Section 1902(a) of the Social Security Act (42 U.S.C. 1396a(a)) is amended by inserting after paragraph (77) the following new paragraph:


provide that, not later than 180 days after the date of the enactment of this paragraph, in the case of a State plan that provides medical assistance on a fee-for-service basis or through a primary care case-management system described in section 1915(b)(1) (other than a primary care case management entity (as defined by the Secretary)), the State shall publish (and update on at least an annual basis) on the public Website of the State agency administering the State plan, a directory of the providers (including, at a minimum, primary and specialty care physicians) that received payment under the State plan in the preceding 12-month period that includes—


with respect to each such provider—


the name of the provider;


the specialty of the provider;


the address of the provider; and


the telephone number of the provider; and


with respect to any such provider participating in such a primary care case-management system, information regarding—


whether the provider is accepting as new patients individuals who receive medical assistance under this title; and


the provider’s cultural and linguistic capabilities, including the languages spoken by the provider or by the skilled medical interpreter providing interpretation services at the provider’s office.



Rule of construction


In general

The amendment made by subsection (a) shall not be construed to apply in the case of a State in which all the individuals enrolled in the State plan under title XIX of the Social Security Act (or under a waiver of such plan), other than individuals described in paragraph (2), are enrolled with a medicaid managed care organization (as defined in section 1903(m)(1)(A) of such Act (42 U.S.C. 1396b(m)(1)(A))), including prepaid inpatient health plans and prepaid ambulatory health plans (as defined by the Secretary).


Individuals described

An individual described in this paragraph is an individual who is an Indian (as defined in section 4 of the Indian Health Care Improvement Act (25 U.S.C. 1603)) or an Alaska Native.

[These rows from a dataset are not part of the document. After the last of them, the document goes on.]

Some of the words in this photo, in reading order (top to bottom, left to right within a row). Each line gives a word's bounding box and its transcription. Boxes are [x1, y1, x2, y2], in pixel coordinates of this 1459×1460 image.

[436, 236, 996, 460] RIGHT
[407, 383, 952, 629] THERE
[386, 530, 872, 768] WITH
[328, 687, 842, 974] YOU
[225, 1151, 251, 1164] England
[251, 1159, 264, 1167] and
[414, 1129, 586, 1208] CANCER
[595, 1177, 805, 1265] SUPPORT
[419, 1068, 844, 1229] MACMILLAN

Exception for State legislation

In the case of a State plan under title XIX of the Social Security Act (42 U.S.C. 1396 et seq.), which the Secretary determines requires State legislation in order for the respective plan to meet one or more additional requirements imposed by amendments made by this section, the respective plan shall not be regarded as failing to comply with the requirements of such title solely on the basis of its failure to meet such an additional requirement before the first day of the first calendar quarter beginning after the close of the first regular session of the State legislature that begins after the date of enactment of this section. For purposes of the previous sentence, in the case of a State that has a 2-year legislative session, each year of the session shall be considered to be a separate regular session of the State legislature.